(Spatial localization data)
---+---
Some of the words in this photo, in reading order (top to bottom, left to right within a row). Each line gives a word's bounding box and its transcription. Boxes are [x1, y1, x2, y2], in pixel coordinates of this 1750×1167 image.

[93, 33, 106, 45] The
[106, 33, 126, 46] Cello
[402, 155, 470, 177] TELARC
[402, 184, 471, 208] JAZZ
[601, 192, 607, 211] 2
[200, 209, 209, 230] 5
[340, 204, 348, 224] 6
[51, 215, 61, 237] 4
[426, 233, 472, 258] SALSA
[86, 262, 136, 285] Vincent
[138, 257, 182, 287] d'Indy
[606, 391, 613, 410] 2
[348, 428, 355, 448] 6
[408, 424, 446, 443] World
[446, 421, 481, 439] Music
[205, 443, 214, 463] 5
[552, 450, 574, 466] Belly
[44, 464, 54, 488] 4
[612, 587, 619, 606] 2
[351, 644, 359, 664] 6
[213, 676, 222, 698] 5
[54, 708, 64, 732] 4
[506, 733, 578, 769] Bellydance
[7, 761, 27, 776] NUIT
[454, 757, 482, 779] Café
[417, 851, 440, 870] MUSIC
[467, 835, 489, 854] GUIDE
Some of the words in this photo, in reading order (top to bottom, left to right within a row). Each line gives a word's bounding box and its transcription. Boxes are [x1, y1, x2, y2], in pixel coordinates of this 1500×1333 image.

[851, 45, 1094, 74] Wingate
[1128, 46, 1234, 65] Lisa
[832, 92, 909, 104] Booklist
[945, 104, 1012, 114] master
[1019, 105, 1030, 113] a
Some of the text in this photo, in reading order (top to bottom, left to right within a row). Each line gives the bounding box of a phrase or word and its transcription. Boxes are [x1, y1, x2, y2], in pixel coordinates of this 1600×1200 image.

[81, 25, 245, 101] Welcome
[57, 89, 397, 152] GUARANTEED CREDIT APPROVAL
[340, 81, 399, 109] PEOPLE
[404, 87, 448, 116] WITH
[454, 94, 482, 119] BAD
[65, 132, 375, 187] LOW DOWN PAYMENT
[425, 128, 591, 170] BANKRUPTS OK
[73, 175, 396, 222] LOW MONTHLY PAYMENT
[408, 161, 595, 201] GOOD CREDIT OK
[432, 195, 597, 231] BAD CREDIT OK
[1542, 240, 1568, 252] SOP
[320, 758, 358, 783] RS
---+---
ASSIGNMENT: The answer should contain every line of the data, unchanged.

EXERCISE OUTPUT:
Some of the words in this photo, in reading order (top to bottom, left to right within a row). Each line gives a word's bounding box and its transcription. Boxes are [x1, y1, x2, y2], in pixel coordinates of this 1750×1167 image.

[93, 33, 106, 45] The
[106, 33, 126, 46] Cello
[402, 155, 470, 177] TELARC
[402, 184, 471, 208] JAZZ
[601, 192, 607, 211] 2
[200, 209, 209, 230] 5
[340, 204, 348, 224] 6
[51, 215, 61, 237] 4
[426, 233, 472, 258] SALSA
[86, 262, 136, 285] Vincent
[138, 257, 182, 287] d'Indy
[606, 391, 613, 410] 2
[348, 428, 355, 448] 6
[408, 424, 446, 443] World
[446, 421, 481, 439] Music
[205, 443, 214, 463] 5
[552, 450, 574, 466] Belly
[44, 464, 54, 488] 4
[612, 587, 619, 606] 2
[351, 644, 359, 664] 6
[213, 676, 222, 698] 5
[54, 708, 64, 732] 4
[506, 733, 578, 769] Bellydance
[7, 761, 27, 776] NUIT
[454, 757, 482, 779] Café
[417, 851, 440, 870] MUSIC
[467, 835, 489, 854] GUIDE
Some of the words in this photo, in reading order (top to bottom, left to right within a row). Each line gives a word's bounding box and its transcription. Boxes are [x1, y1, x2, y2], in pixel coordinates of this 1500×1333 image.

[851, 45, 1094, 74] Wingate
[1128, 46, 1234, 65] Lisa
[832, 92, 909, 104] Booklist
[945, 104, 1012, 114] master
[1019, 105, 1030, 113] a
Some of the text in this photo, in reading order (top to bottom, left to right within a row). Each line gives the bounding box of a phrase or word and its transcription. Boxes are [x1, y1, x2, y2], in pixel coordinates of this 1600×1200 image.

[81, 25, 245, 101] Welcome
[57, 89, 397, 152] GUARANTEED CREDIT APPROVAL
[340, 81, 399, 109] PEOPLE
[404, 87, 448, 116] WITH
[454, 94, 482, 119] BAD
[65, 132, 375, 187] LOW DOWN PAYMENT
[425, 128, 591, 170] BANKRUPTS OK
[73, 175, 396, 222] LOW MONTHLY PAYMENT
[408, 161, 595, 201] GOOD CREDIT OK
[432, 195, 597, 231] BAD CREDIT OK
[1542, 240, 1568, 252] SOP
[320, 758, 358, 783] RS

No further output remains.